[What the task asks]:
Copy the entries below exactly, but only from the line containing "this 1600×2133 image." through the final line.
Data provided START
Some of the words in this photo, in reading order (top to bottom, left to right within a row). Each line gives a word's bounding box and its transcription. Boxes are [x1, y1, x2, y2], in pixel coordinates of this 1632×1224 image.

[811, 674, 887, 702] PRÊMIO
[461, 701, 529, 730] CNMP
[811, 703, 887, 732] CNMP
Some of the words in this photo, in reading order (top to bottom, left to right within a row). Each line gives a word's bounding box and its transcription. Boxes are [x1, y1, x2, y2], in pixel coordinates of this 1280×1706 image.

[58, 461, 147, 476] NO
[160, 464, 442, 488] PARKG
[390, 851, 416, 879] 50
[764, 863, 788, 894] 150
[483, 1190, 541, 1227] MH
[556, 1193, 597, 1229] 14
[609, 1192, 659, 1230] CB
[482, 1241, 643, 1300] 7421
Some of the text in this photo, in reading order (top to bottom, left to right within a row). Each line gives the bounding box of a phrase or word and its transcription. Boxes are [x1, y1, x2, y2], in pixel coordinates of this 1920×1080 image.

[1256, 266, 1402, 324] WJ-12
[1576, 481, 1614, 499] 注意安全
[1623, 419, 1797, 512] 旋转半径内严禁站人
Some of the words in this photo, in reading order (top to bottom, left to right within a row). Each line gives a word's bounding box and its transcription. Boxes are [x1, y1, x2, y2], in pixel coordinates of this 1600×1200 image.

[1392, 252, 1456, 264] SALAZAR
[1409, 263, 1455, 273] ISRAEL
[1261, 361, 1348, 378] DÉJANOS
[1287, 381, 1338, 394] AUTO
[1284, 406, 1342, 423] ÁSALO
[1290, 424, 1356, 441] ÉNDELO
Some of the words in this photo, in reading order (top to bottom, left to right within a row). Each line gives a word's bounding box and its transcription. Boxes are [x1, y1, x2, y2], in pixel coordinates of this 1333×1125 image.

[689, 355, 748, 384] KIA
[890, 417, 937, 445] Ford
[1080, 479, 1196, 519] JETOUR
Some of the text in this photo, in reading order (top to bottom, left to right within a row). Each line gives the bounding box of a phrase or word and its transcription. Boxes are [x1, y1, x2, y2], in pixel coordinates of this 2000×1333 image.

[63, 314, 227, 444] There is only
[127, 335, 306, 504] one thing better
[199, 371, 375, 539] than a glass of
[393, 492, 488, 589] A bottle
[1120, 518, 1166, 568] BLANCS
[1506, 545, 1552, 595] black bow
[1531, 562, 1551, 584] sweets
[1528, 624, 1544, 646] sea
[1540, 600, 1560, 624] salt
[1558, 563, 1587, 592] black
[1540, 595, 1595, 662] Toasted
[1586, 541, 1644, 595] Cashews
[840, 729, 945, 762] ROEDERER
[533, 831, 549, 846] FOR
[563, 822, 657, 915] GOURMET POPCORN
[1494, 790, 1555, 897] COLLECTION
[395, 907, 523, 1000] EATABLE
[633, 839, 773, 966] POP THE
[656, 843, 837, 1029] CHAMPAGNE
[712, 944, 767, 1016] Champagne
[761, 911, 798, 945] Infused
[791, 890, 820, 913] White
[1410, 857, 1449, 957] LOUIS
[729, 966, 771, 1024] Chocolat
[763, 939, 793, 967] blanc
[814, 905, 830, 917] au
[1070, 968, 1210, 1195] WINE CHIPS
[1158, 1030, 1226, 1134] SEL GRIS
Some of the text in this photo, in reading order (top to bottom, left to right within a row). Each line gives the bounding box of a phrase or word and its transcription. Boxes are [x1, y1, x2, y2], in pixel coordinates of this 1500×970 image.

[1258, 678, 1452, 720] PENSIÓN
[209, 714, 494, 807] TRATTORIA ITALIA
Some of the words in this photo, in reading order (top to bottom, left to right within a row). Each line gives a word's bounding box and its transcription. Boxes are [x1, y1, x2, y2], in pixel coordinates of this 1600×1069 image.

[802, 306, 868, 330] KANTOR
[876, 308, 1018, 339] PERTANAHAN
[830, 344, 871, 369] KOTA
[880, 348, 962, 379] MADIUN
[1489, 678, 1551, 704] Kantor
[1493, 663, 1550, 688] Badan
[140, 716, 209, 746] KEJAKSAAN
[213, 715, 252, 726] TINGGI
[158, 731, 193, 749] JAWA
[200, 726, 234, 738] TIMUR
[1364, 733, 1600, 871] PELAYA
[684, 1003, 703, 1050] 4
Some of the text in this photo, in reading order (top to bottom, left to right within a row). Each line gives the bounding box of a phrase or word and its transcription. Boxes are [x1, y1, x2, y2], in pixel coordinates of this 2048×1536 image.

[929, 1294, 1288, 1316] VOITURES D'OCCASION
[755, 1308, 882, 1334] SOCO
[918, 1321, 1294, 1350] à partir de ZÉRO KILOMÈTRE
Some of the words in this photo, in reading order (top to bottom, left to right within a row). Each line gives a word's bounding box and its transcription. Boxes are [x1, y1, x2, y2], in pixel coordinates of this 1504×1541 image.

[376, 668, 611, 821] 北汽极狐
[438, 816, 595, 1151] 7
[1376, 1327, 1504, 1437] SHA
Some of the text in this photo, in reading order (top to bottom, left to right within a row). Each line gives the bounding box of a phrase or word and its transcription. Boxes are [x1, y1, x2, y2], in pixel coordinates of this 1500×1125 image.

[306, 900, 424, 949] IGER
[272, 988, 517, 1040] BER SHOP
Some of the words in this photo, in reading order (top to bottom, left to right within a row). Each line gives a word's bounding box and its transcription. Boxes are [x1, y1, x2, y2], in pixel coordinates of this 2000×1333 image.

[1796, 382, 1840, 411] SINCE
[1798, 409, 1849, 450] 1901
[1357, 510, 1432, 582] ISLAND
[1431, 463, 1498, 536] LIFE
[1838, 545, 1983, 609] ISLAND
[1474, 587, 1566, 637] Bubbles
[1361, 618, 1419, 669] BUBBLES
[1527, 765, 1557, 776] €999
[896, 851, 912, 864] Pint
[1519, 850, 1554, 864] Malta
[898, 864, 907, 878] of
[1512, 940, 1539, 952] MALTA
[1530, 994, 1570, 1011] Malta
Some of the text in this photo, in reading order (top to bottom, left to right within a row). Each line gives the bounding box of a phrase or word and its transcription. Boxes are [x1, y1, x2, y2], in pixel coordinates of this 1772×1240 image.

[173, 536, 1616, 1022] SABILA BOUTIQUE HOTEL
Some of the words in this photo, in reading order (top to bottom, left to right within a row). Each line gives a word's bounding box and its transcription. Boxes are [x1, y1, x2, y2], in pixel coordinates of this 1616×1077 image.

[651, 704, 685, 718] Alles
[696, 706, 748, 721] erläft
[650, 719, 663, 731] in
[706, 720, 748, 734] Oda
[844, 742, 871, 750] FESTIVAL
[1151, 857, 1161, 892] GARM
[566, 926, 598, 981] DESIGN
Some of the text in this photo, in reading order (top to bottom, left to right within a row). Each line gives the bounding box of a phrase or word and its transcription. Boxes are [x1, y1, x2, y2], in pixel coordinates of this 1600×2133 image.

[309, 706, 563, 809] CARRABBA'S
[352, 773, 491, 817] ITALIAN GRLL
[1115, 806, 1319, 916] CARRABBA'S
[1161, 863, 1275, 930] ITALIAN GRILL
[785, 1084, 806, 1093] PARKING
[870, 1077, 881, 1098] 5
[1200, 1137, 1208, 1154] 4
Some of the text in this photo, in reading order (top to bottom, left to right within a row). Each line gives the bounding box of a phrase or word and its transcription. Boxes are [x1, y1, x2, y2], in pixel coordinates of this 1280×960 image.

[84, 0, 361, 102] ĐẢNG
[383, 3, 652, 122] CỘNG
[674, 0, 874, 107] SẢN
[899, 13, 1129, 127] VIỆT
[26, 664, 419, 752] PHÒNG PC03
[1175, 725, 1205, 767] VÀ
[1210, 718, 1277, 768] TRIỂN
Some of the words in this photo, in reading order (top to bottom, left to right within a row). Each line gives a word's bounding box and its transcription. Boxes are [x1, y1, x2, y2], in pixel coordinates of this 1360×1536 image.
Data provided END
[Exercise output]:
Some of the text in this photo, in reading order (top to bottom, left to right within a row). Each line gives the bounding box of a phrase or word and its transcription. Boxes are [x1, y1, x2, y2], in pixel coordinates of this 1600×2133 image.

[309, 706, 563, 809] CARRABBA'S
[352, 773, 491, 817] ITALIAN GRLL
[1115, 806, 1319, 916] CARRABBA'S
[1161, 863, 1275, 930] ITALIAN GRILL
[785, 1084, 806, 1093] PARKING
[870, 1077, 881, 1098] 5
[1200, 1137, 1208, 1154] 4
Some of the text in this photo, in reading order (top to bottom, left to right within a row). Each line gives the bounding box of a phrase or word and its transcription. Boxes are [x1, y1, x2, y2], in pixel coordinates of this 1280×960 image.

[84, 0, 361, 102] ĐẢNG
[383, 3, 652, 122] CỘNG
[674, 0, 874, 107] SẢN
[899, 13, 1129, 127] VIỆT
[26, 664, 419, 752] PHÒNG PC03
[1175, 725, 1205, 767] VÀ
[1210, 718, 1277, 768] TRIỂN
Some of the words in this photo, in reading order (top to bottom, left to right within a row). Each line gives a word's bounding box and its transcription. Boxes are [x1, y1, x2, y2], in pixel coordinates of this 1360×1536 image.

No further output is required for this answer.